## Exercise brief
From start to finish, set down the entries below exactly, leaving out the pictures.

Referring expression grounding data
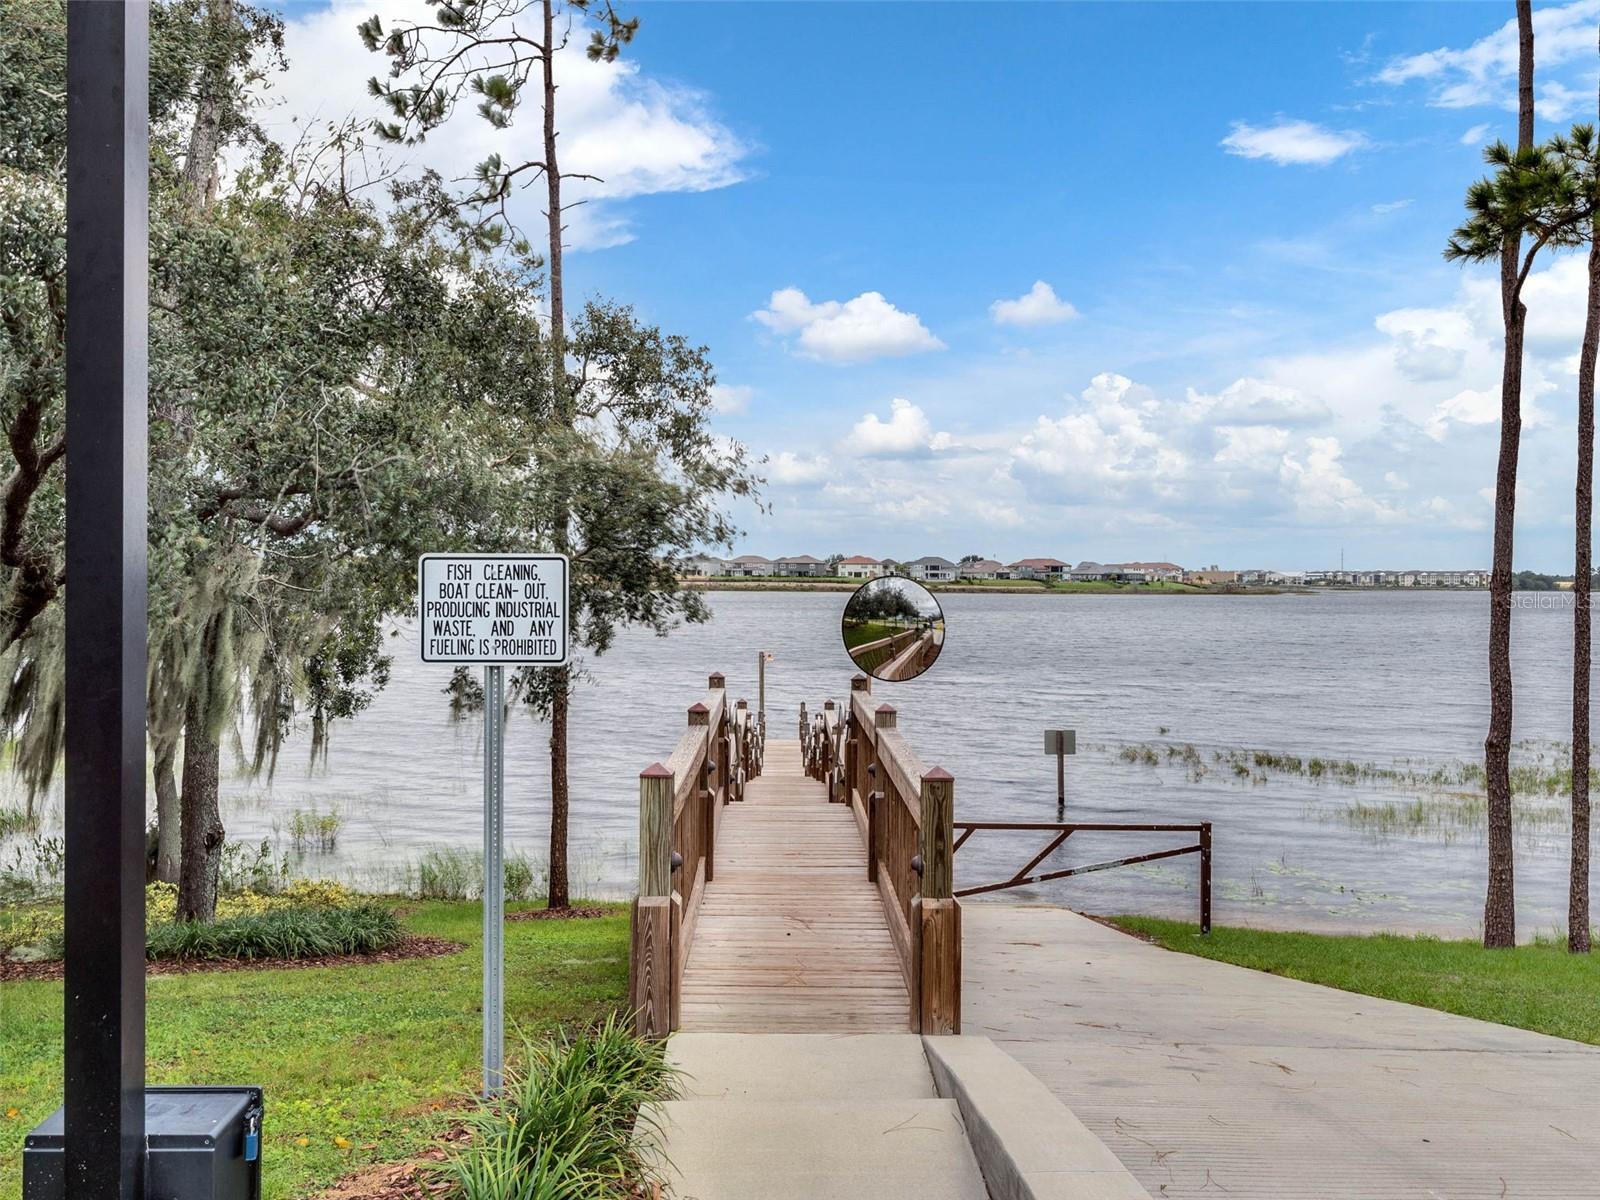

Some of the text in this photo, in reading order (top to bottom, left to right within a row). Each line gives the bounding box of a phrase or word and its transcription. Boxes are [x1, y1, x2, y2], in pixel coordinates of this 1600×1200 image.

[447, 564, 472, 580] FISH
[439, 583, 469, 599] BOAT
[427, 602, 560, 618] PRODUCING INDUSTRIAL
[491, 621, 514, 636] AND
[530, 621, 554, 636] ANY
[430, 639, 556, 655] FUELING IS PROHIBITED

## Response to this exercise
Some of the text in this photo, in reading order (top to bottom, left to right within a row). Each line gives the bounding box of a phrase or word and its transcription. Boxes are [x1, y1, x2, y2], in pixel coordinates of this 1600×1200 image.

[447, 564, 472, 580] FISH
[439, 583, 469, 599] BOAT
[427, 602, 560, 618] PRODUCING INDUSTRIAL
[491, 621, 514, 636] AND
[530, 621, 554, 636] ANY
[430, 639, 556, 655] FUELING IS PROHIBITED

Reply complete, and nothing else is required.